Reputation: 1513
Here is my code :
function get_data($url)
{
$ch = curl_init();
$timeout = 15;
curl_setopt($ch, CURLOPT_URL, $url);
curl_setopt($ch, CURLOPT_RETURNTRANSFER, 1);
curl_setopt($ch, CURLOPT_CONNECTTIMEOUT, $timeout);
curl_setopt($ch, CURLOPT_USERAGENT, random_user_agent());
$data = curl_exec($ch);
curl_close($ch);
return $data;
}
//Grab HTML
$urllist = fopen("links.txt", "r+");
for ($j = 0; $j <= 50; $j++)
{
$post = rtrim(fgets($urllist));
echo $post;
$html = get_data($post);
echo $html;
Problem : when I use get_data("http://url.com")
I get the right data in html. But when I pass the url using a variable, $html
returns nothing.
$post holds the right url as I checked it. Isnt it the right way to use get_data($post);
Curl info gives :
I get this :
array(20) {
["url"]=> string(68) "http://secret-url.com"

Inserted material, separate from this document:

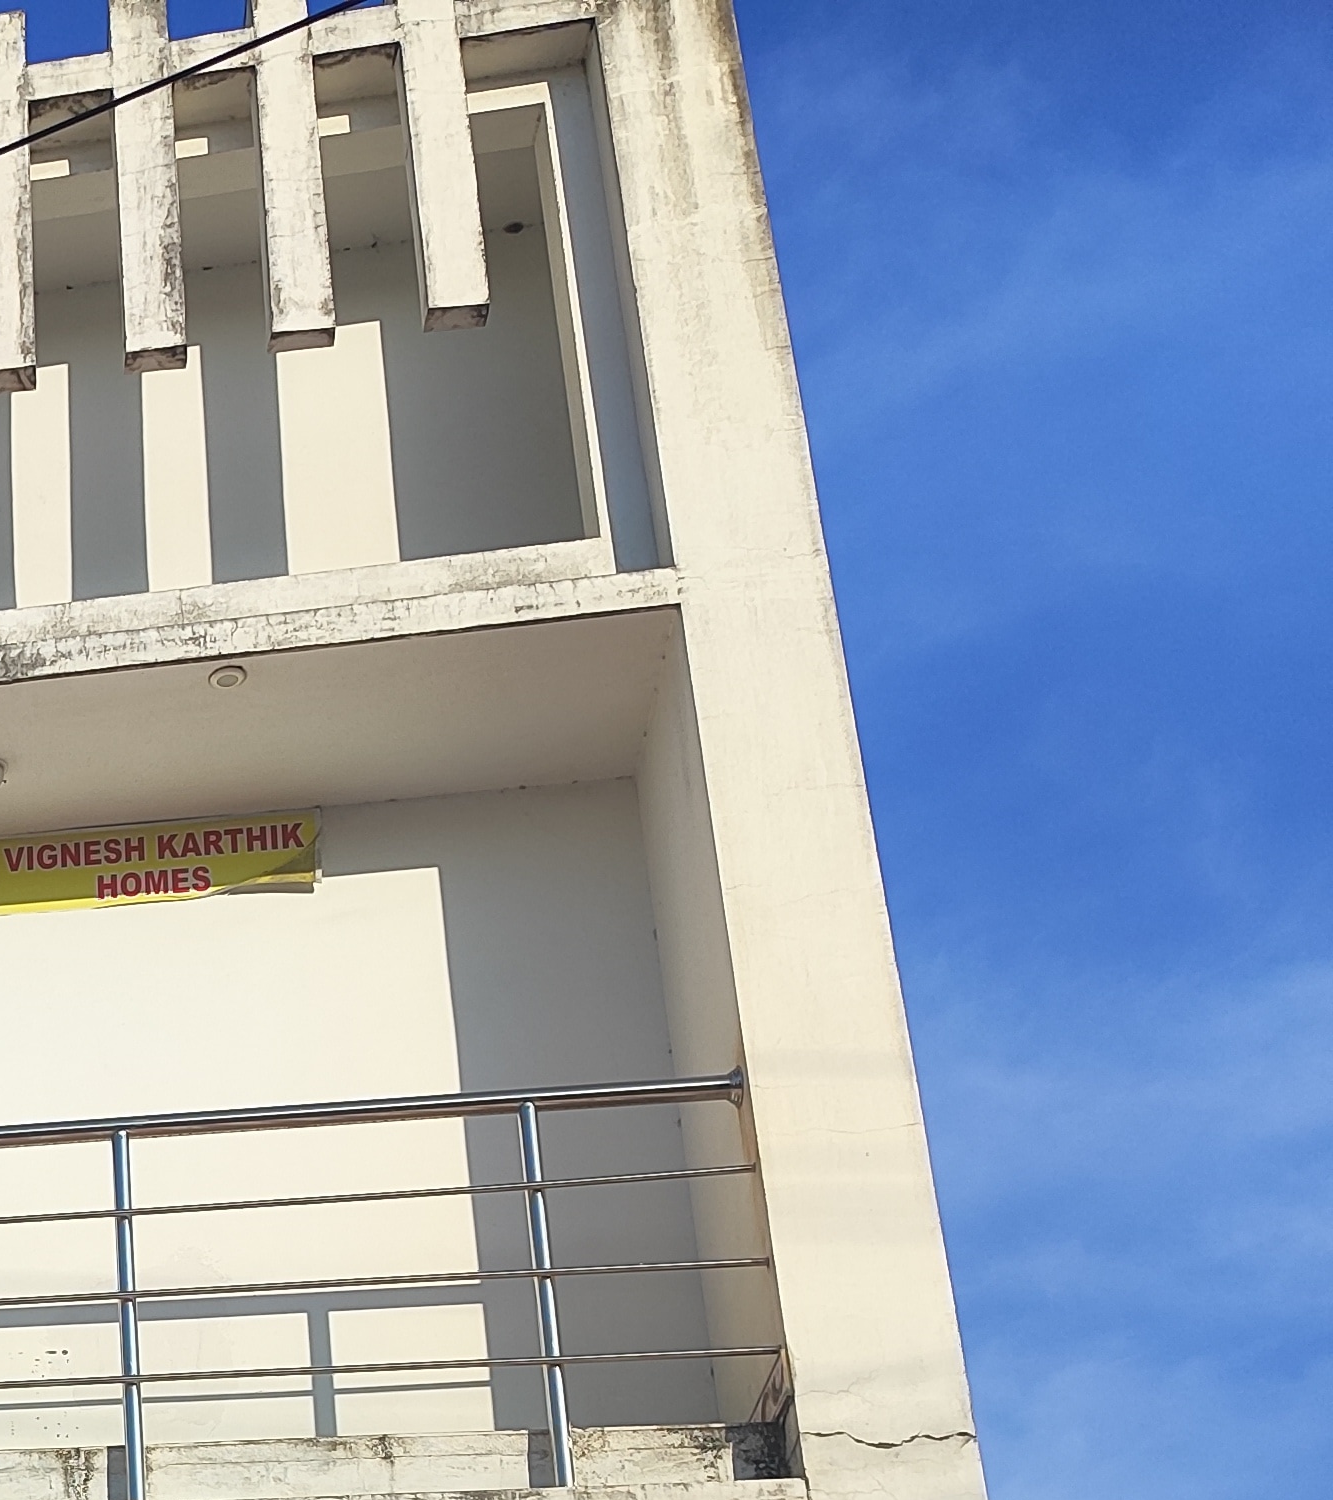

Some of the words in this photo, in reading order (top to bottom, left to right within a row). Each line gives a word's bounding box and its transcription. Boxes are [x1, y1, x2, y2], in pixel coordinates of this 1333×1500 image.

[4, 836, 145, 872] VIGNESH
[157, 822, 304, 860] KARTHIK
[96, 866, 212, 900] HOMES
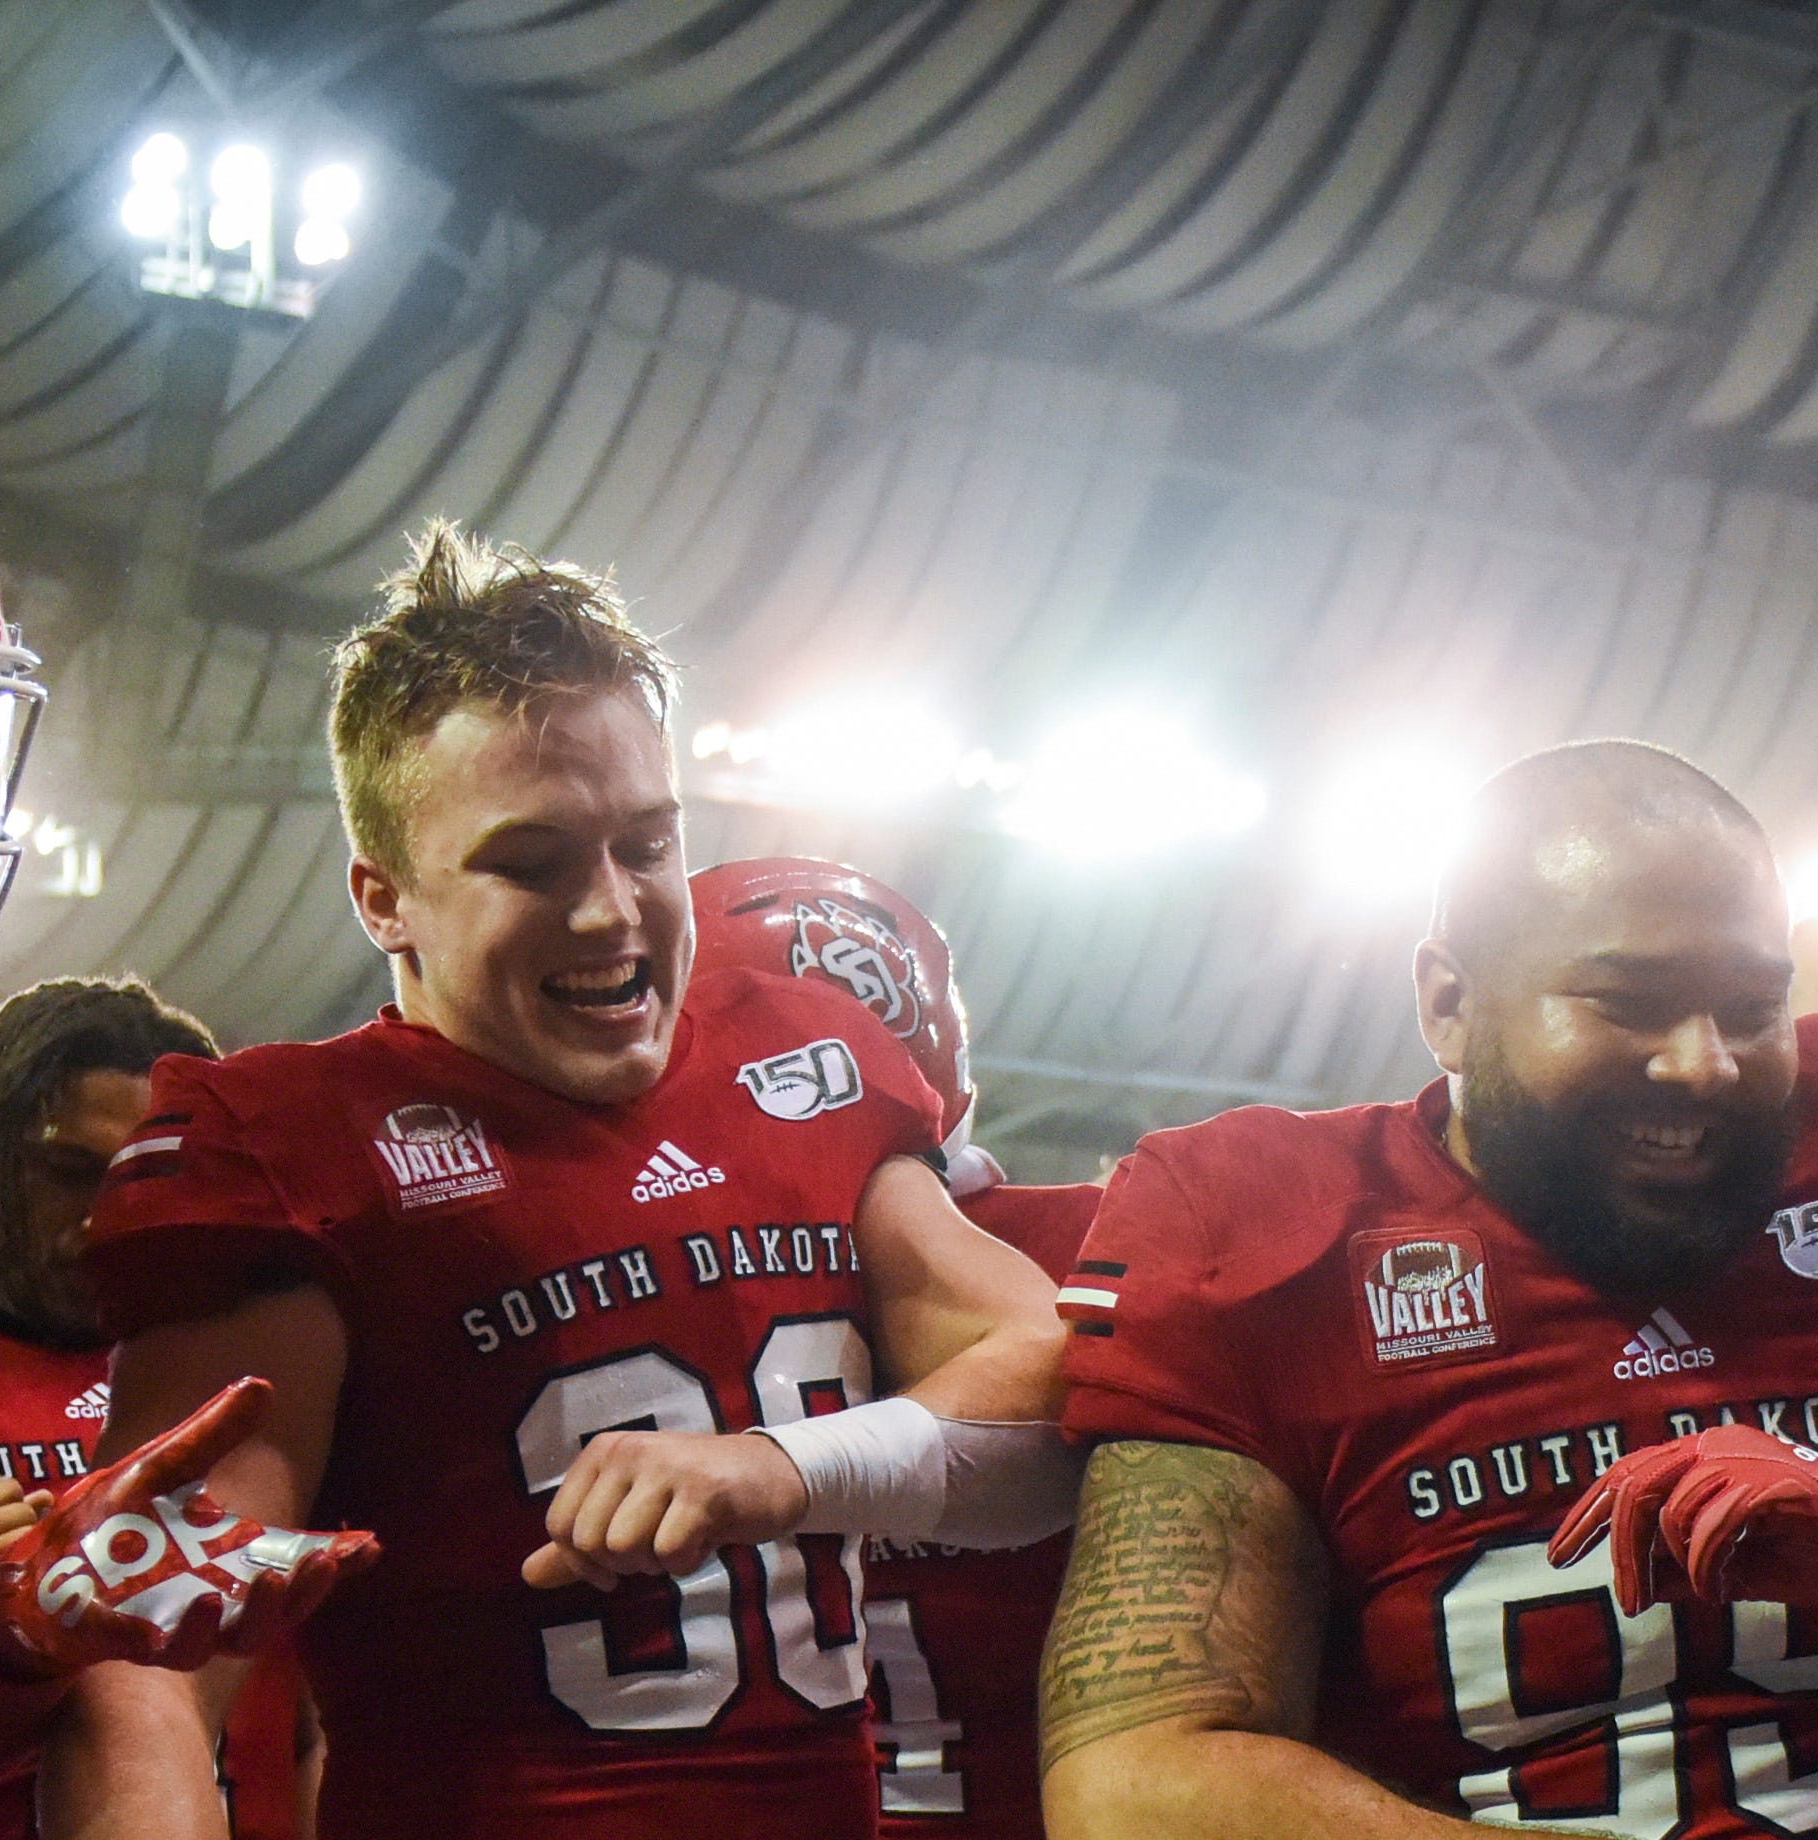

["content_type"]=> string(9) "text/html"
["http_code"]=> int(301)
["header_size"]=> int(255)
["request_size"]=> int(340)
["filetime"]=> int(-1)
["ssl_verify_result"]=> int(0)
["redirect_count"]=> int(0)
["total_time"]=> float(0.095589)
["namelookup_time"]=> float(0.012224)
["connect_time"]=> float(0.049399)
["pretransfer_time"]=> float(6.5E-5)
["size_upload"]=> float(0)
["size_download"]=> float(0)
["speed_download"]=> float(0)
["speed_upload"]=> float(0)
["download_content_length"]=> float(0)
["upload_content_length"]=> float(0)
["starttransfer_time"]=> float(0.095534)
["redirect_time"]=> float(0)
}
Upvotes: 2
Views: 3901
Reputation: 8641
will $html = file_get_contents($url);
suffice? As records show, it didnt =)
EDIT to sum up conversation with a legitimate answer;
Change your curl into following, containing the FOLLOWLOCATION directive, optionally constrain curl with MAXREDIRS
function get_data($url) {
$ch = curl_init();
$timeout = 15;
curl_setopt($ch, CURLOPT_URL, $url);
curl_setopt($ch, CURLOPT_RETURNTRANSFER, 1);
// follow Location: newurl.tld - i.e. HTTP 30X status codes
curl_setopt($ch, CURLOPT_FOLLOWLOCATION, 1);
// give up follow location if circular after 5 tries
curl_setopt($ch, CURLOPT_MAXREDIRS, 5);
curl_setopt($ch, CURLOPT_CONNECTTIMEOUT, $timeout);
curl_setopt($ch, CURLOPT_USERAGENT, random_user_agent());
$data = curl_exec($ch);
// if in doubt, whats going on, look through info of curl_getinfo($ch);
// var_dump(curl_getinfo($ch));
curl_close($ch);
return $data;
}
//Grab HTML
$urllist = fopen("links.txt", "r+");
for ($j = 0; $j <= 50; $j++) {
$post = rtrim(fgets($urllist));
echo $post;
$html = get_data($post);
echo $html;
}
Optionally, since it seems like youre doing this more then once, returning to youre links.txt pages - set a cookie-container, which allows for the visits to know you have been there before - and reusing that information on consecutive runs
// filehandle, writeable by httpd user:
$cookie_file = "/tmp/cookie/cookie1.txt";
// set request to parse cookies and send them with corresponding host requests
curl_setopt($ch, CURLOPT_COOKIEJAR, $cookie_file);
// set response cookies to be saved
curl_setopt($ch, CURLOPT_COOKIEFILE, $cookie_file);
Upvotes: 0
Reputation: 57244
Try this code out.
function get_data($url)
{
$ch = curl_init();
$timeout = 15;
curl_setopt($ch, CURLOPT_URL, $url);
curl_setopt($ch, CURLOPT_RETURNTRANSFER, 1);
curl_setopt($ch, CURLOPT_CONNECTTIMEOUT, $timeout);
curl_setopt($ch, CURLOPT_USERAGENT, random_user_agent());
// Edit: Follow redirects
curl_setopt($ch, CURLOPT_FOLLOWLOCATION, true);
$data = curl_exec($ch);
var_dump(curl_getinfo($ch));
curl_close($ch);
return $data;
}
//Grab HTML
$urllist = fopen("links.txt", "r+");
for ($j = 0; $j <= 50; $j++)
{
if($post = rtrim(fgets($urllist)))
{
echo $post;
echo get_data($post);
}
else
{
echo "No URL provided!";
}
echo "\n<hr>\n";
}
Upvotes: 2